■ **About this task**: Output the entries that follow character for character. Leave every image out.
------------------------------------
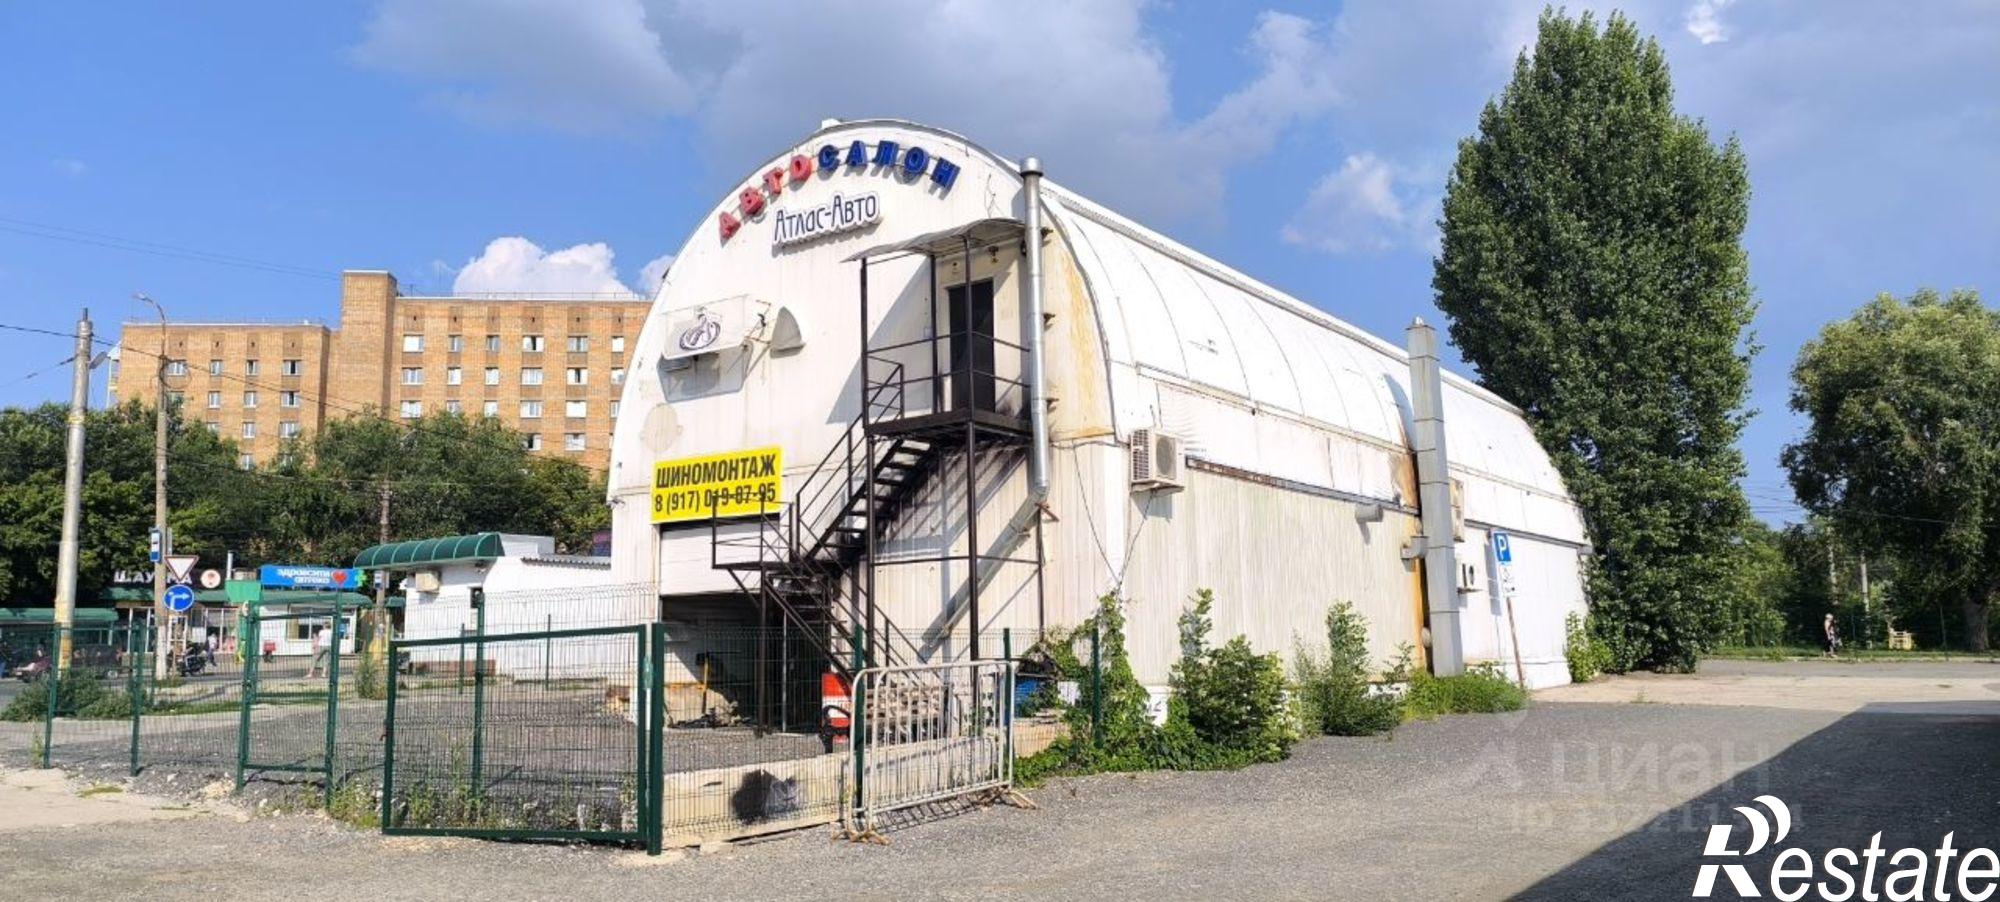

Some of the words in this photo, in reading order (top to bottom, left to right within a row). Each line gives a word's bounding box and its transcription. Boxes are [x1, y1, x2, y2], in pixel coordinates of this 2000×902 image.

[719, 140, 960, 240] АВТОСАЛОН
[656, 454, 776, 488] ШИНОМОНТАЖ
[655, 494, 663, 512] 8
[667, 490, 699, 515] (917)
[114, 570, 192, 584] ШАУМА
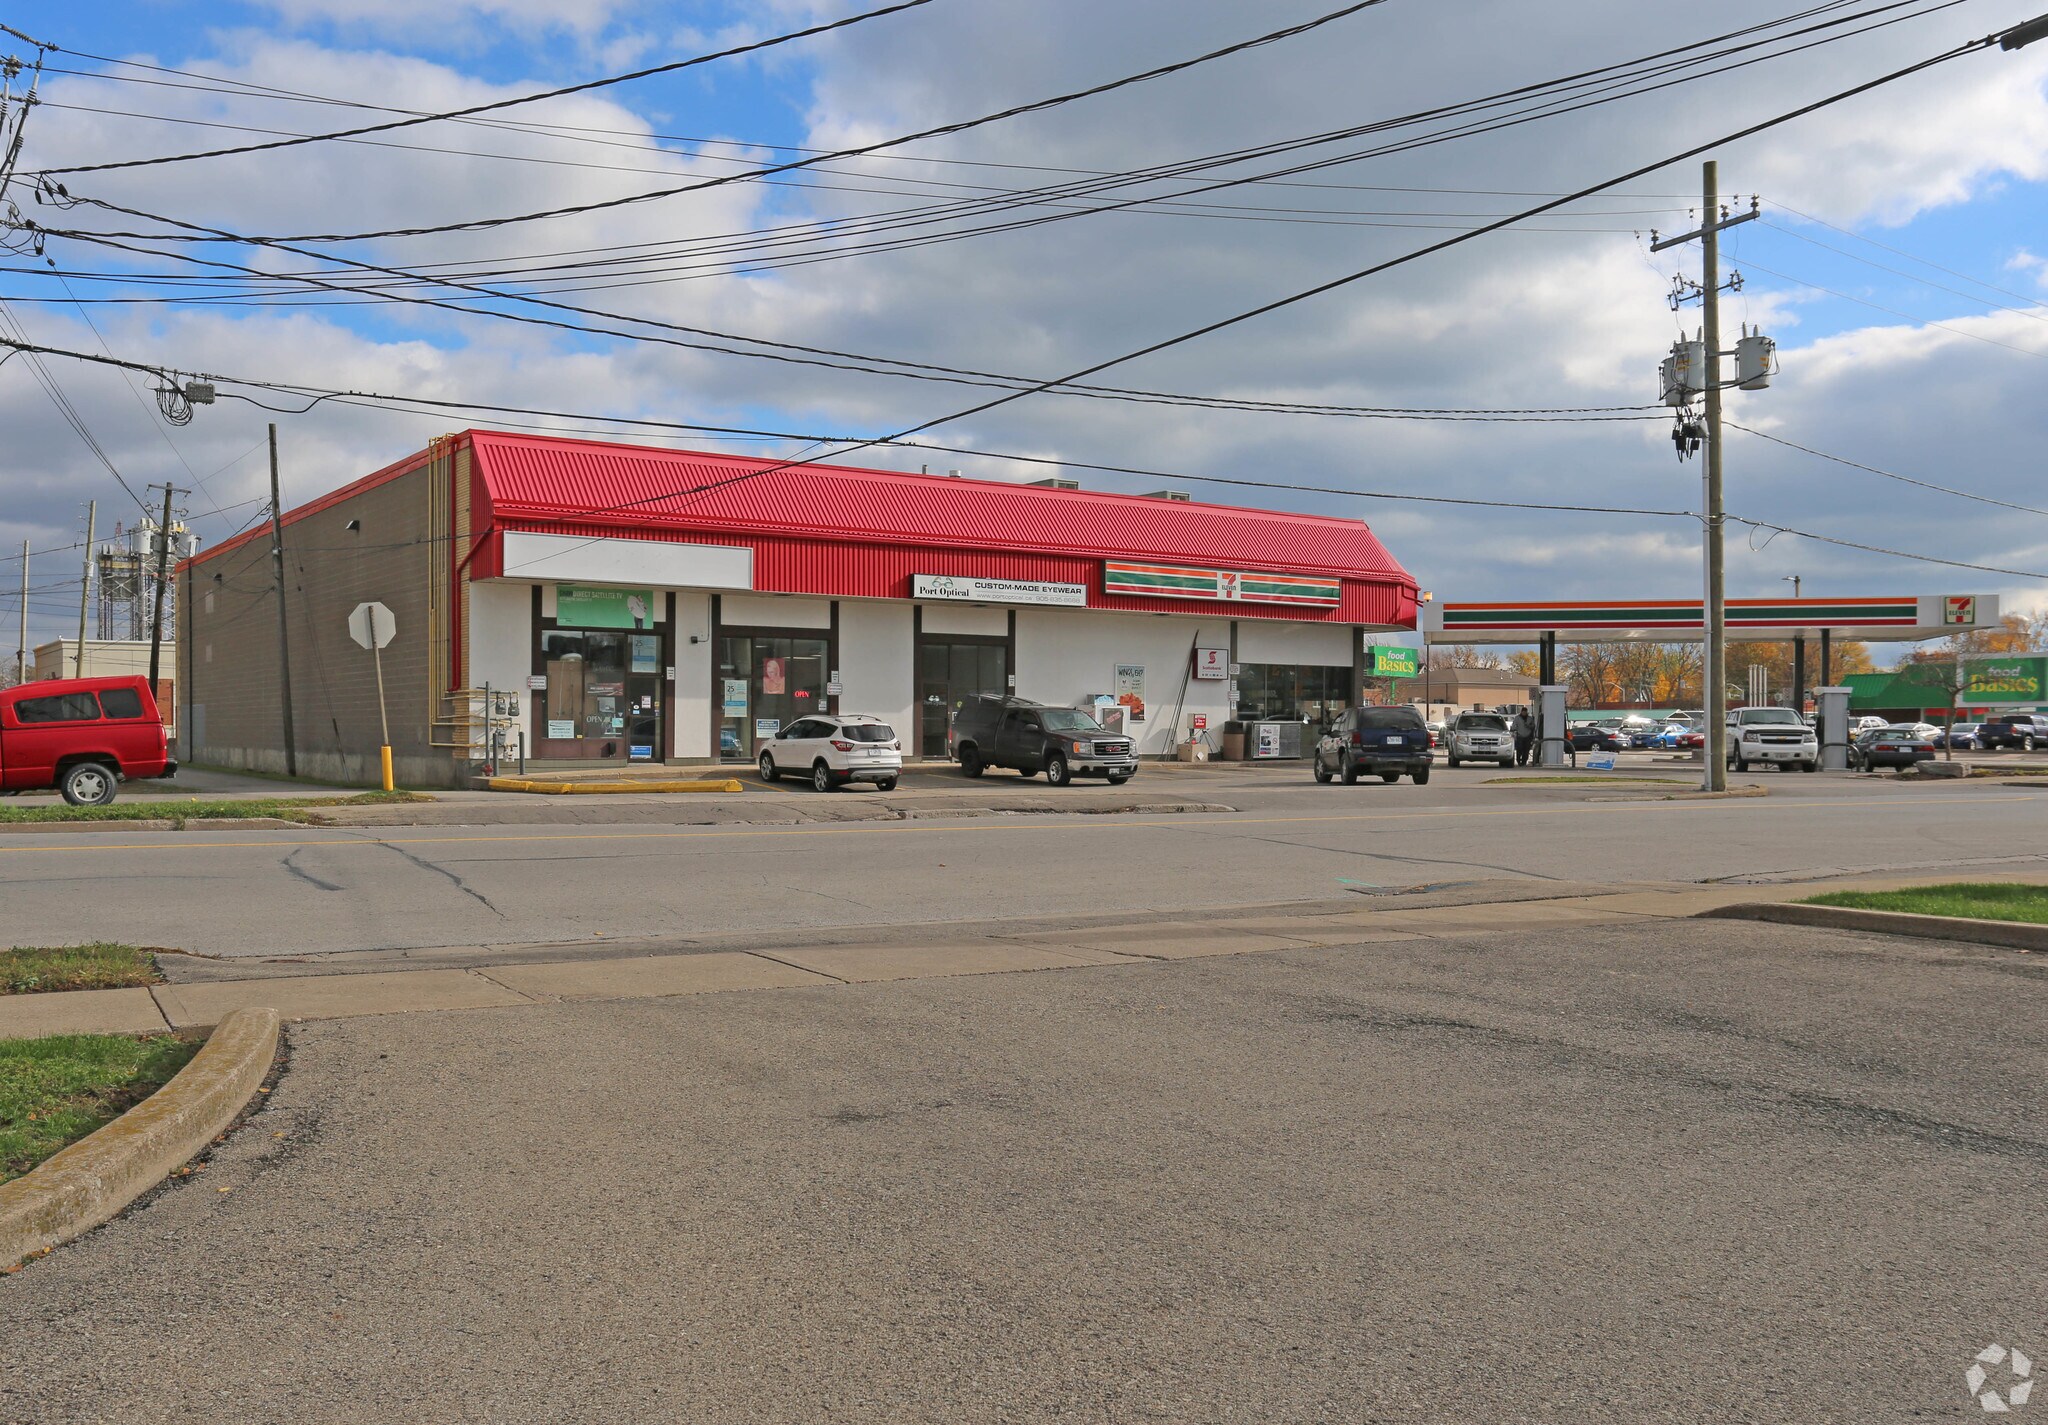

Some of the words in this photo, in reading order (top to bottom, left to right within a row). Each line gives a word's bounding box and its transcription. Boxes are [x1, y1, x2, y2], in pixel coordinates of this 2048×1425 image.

[919, 586, 937, 595] Port
[939, 587, 969, 597] Optical
[974, 581, 1039, 593] CUSTOM-MADE
[1042, 586, 1082, 595] EYEWEAR
[1950, 597, 1970, 622] 7
[1388, 651, 1405, 659] food
[1987, 666, 2021, 676] food
------------------------------------
■ **Answer to this problem**:
Some of the words in this photo, in reading order (top to bottom, left to right within a row). Each line gives a word's bounding box and its transcription. Boxes are [x1, y1, x2, y2], in pixel coordinates of this 2000×902 image.

[719, 140, 960, 240] АВТОСАЛОН
[656, 454, 776, 488] ШИНОМОНТАЖ
[655, 494, 663, 512] 8
[667, 490, 699, 515] (917)
[114, 570, 192, 584] ШАУМА

Some of the words in this photo, in reading order (top to bottom, left to right within a row). Each line gives a word's bounding box and its transcription. Boxes are [x1, y1, x2, y2], in pixel coordinates of this 2048×1425 image.

[919, 586, 937, 595] Port
[939, 587, 969, 597] Optical
[974, 581, 1039, 593] CUSTOM-MADE
[1042, 586, 1082, 595] EYEWEAR
[1950, 597, 1970, 622] 7
[1388, 651, 1405, 659] food
[1987, 666, 2021, 676] food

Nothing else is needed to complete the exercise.